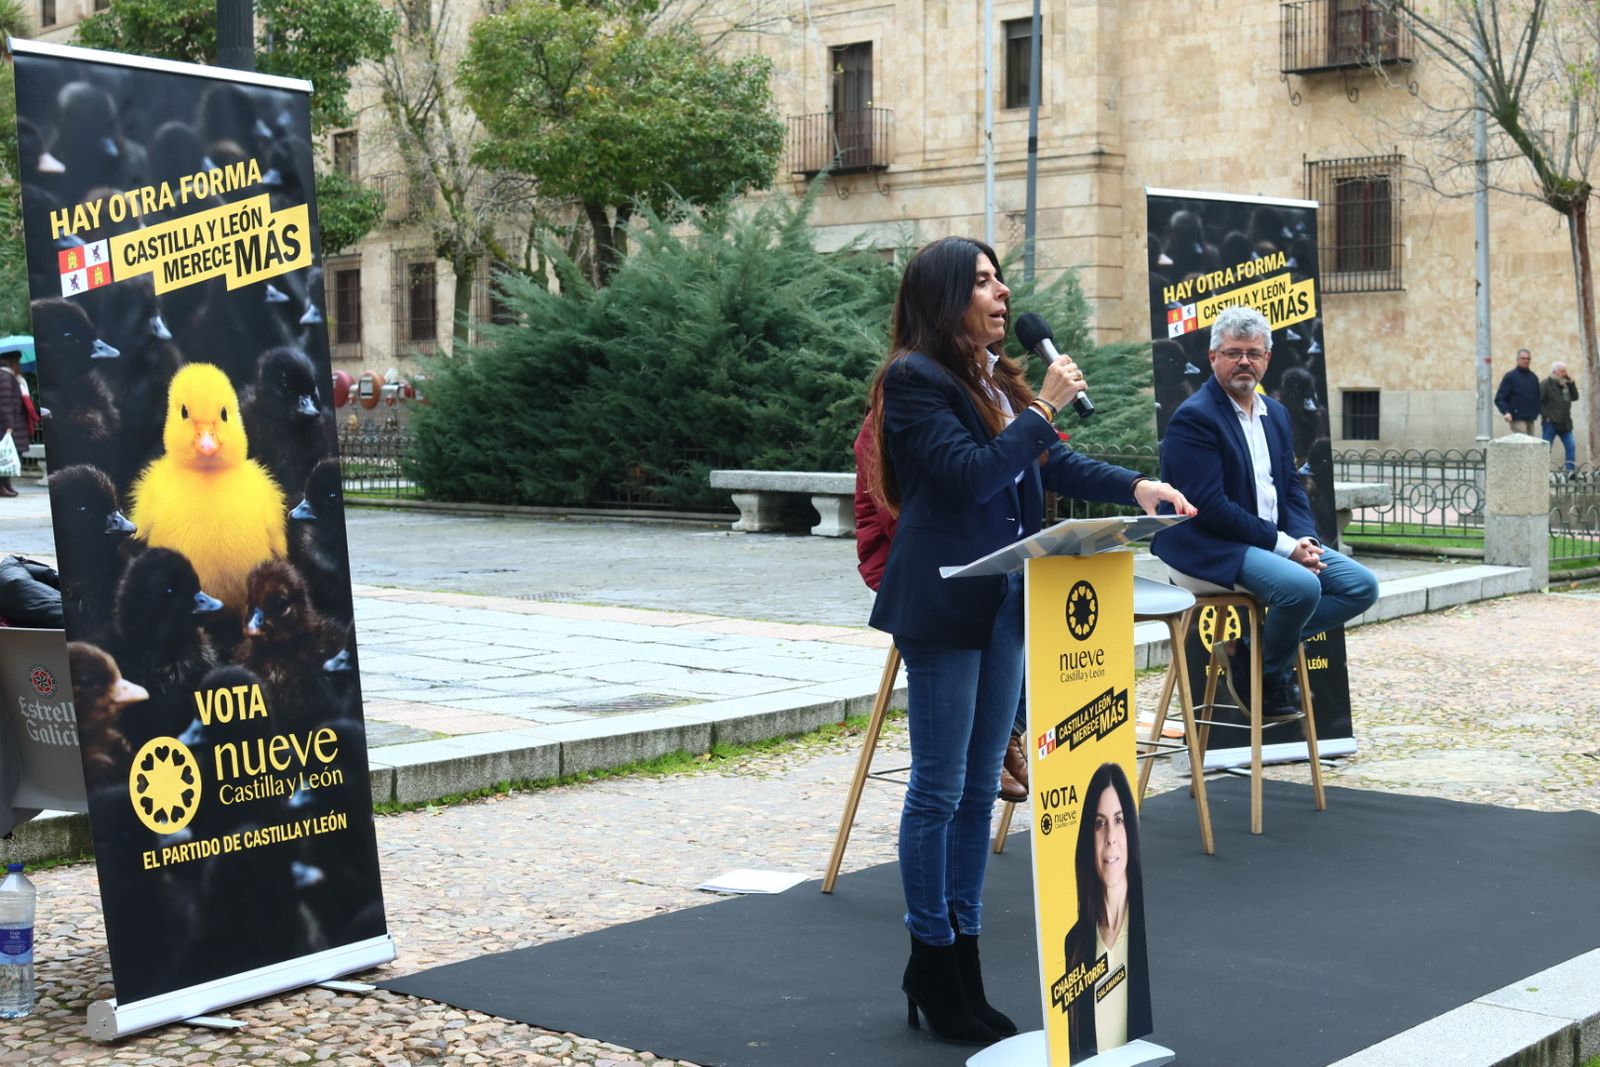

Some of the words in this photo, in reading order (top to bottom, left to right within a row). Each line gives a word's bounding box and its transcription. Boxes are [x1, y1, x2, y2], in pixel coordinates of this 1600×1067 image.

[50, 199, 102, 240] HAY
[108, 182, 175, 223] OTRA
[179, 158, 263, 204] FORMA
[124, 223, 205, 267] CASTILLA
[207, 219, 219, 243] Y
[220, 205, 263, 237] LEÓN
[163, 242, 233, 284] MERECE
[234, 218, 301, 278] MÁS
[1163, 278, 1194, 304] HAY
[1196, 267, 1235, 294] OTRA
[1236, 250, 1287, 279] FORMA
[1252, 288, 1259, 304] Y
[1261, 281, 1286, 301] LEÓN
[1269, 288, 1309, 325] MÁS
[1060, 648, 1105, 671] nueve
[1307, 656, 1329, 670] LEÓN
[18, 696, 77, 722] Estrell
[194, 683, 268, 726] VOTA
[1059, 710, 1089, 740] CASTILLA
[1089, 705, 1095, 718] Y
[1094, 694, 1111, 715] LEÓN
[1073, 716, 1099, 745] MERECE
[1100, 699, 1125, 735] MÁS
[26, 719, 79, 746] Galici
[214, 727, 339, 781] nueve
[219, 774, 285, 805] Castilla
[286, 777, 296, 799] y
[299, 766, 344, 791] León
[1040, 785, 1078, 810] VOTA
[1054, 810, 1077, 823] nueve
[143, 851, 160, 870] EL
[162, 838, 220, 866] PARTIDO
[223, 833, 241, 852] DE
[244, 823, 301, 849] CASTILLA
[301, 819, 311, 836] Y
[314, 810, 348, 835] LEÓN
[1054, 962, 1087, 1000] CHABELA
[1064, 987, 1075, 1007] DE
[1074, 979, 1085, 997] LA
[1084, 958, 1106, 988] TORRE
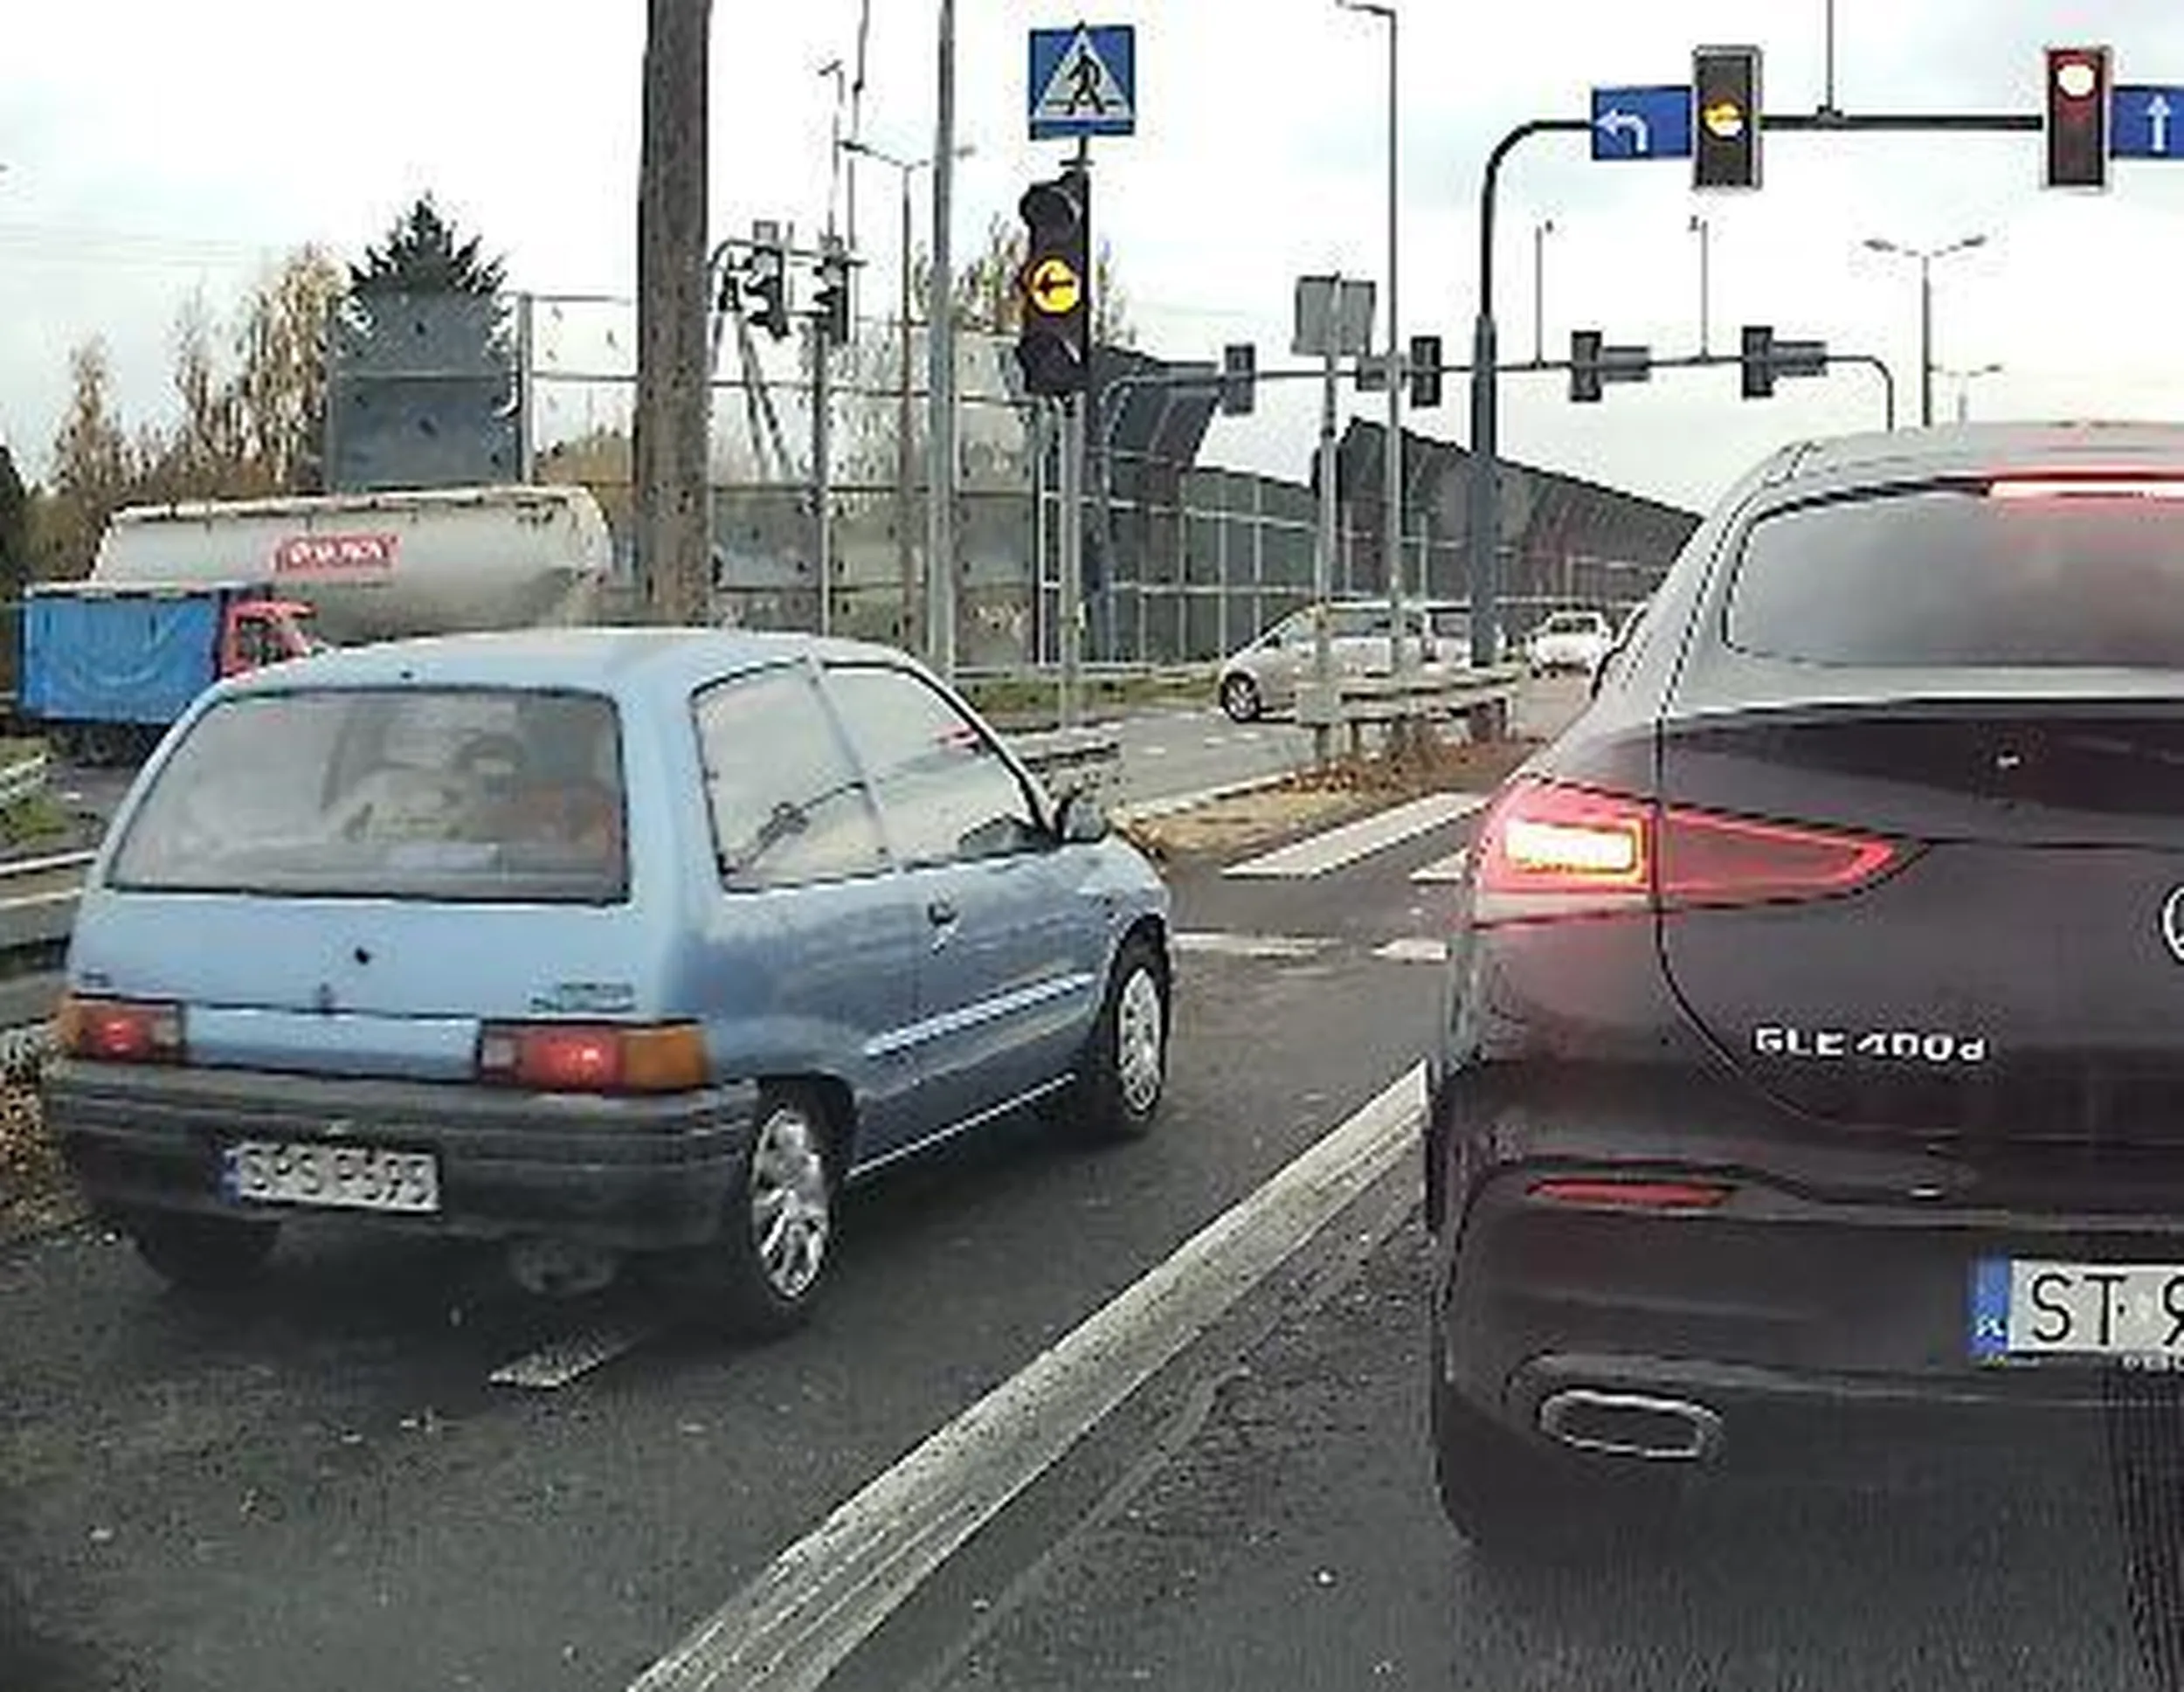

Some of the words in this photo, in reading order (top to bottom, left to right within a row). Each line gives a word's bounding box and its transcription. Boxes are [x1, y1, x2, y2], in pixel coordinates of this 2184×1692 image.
§
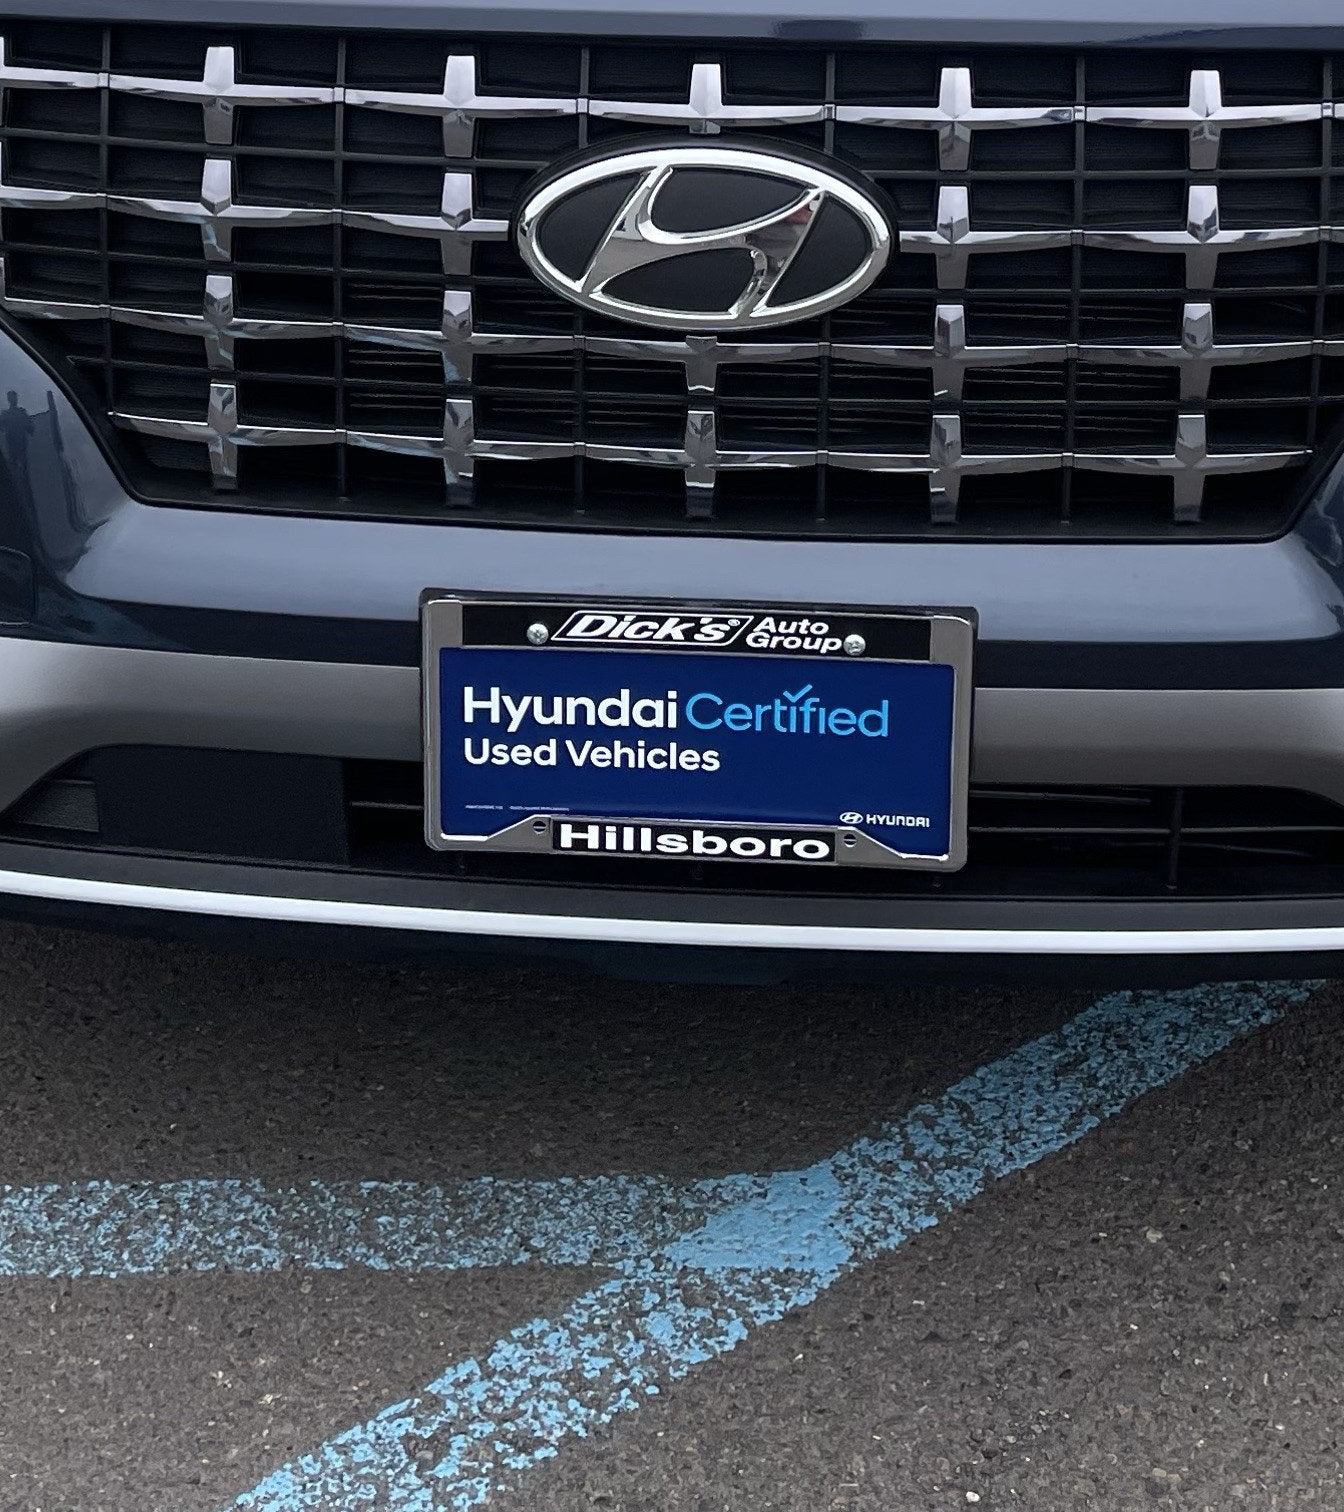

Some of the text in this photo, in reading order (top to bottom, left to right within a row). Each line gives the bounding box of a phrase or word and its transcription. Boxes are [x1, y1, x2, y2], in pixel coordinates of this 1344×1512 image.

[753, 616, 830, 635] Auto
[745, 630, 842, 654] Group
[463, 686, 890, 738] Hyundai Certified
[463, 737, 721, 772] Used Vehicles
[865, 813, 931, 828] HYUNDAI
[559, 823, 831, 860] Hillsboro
§
=== TASK TO COMPLETE ===
Give back, exactly and without pictures, the stretch of the records above from the line containing "this 1600×1067 image." through the line containing "this 2184×1692 image.", with both end lines included.

=== YOUR RESPONSE ===
Some of the words in this photo, in reading order (top to bottom, left to right within a row). Each line gives a word's bounding box and its transcription. Boxes are [x1, y1, x2, y2], in pixel coordinates of this 1600×1067 image.

[50, 199, 102, 240] HAY
[108, 182, 175, 223] OTRA
[179, 158, 263, 204] FORMA
[124, 223, 205, 267] CASTILLA
[207, 219, 219, 243] Y
[220, 205, 263, 237] LEÓN
[163, 242, 233, 284] MERECE
[234, 218, 301, 278] MÁS
[1163, 278, 1194, 304] HAY
[1196, 267, 1235, 294] OTRA
[1236, 250, 1287, 279] FORMA
[1252, 288, 1259, 304] Y
[1261, 281, 1286, 301] LEÓN
[1269, 288, 1309, 325] MÁS
[1060, 648, 1105, 671] nueve
[1307, 656, 1329, 670] LEÓN
[18, 696, 77, 722] Estrell
[194, 683, 268, 726] VOTA
[1059, 710, 1089, 740] CASTILLA
[1089, 705, 1095, 718] Y
[1094, 694, 1111, 715] LEÓN
[1073, 716, 1099, 745] MERECE
[1100, 699, 1125, 735] MÁS
[26, 719, 79, 746] Galici
[214, 727, 339, 781] nueve
[219, 774, 285, 805] Castilla
[286, 777, 296, 799] y
[299, 766, 344, 791] León
[1040, 785, 1078, 810] VOTA
[1054, 810, 1077, 823] nueve
[143, 851, 160, 870] EL
[162, 838, 220, 866] PARTIDO
[223, 833, 241, 852] DE
[244, 823, 301, 849] CASTILLA
[301, 819, 311, 836] Y
[314, 810, 348, 835] LEÓN
[1054, 962, 1087, 1000] CHABELA
[1064, 987, 1075, 1007] DE
[1074, 979, 1085, 997] LA
[1084, 958, 1106, 988] TORRE

Some of the words in this photo, in reading order (top to bottom, left to right within a row). Each line gives a word's bounding box and its transcription. Boxes are [x1, y1, x2, y2], in pixel coordinates of this 2184×1692 image.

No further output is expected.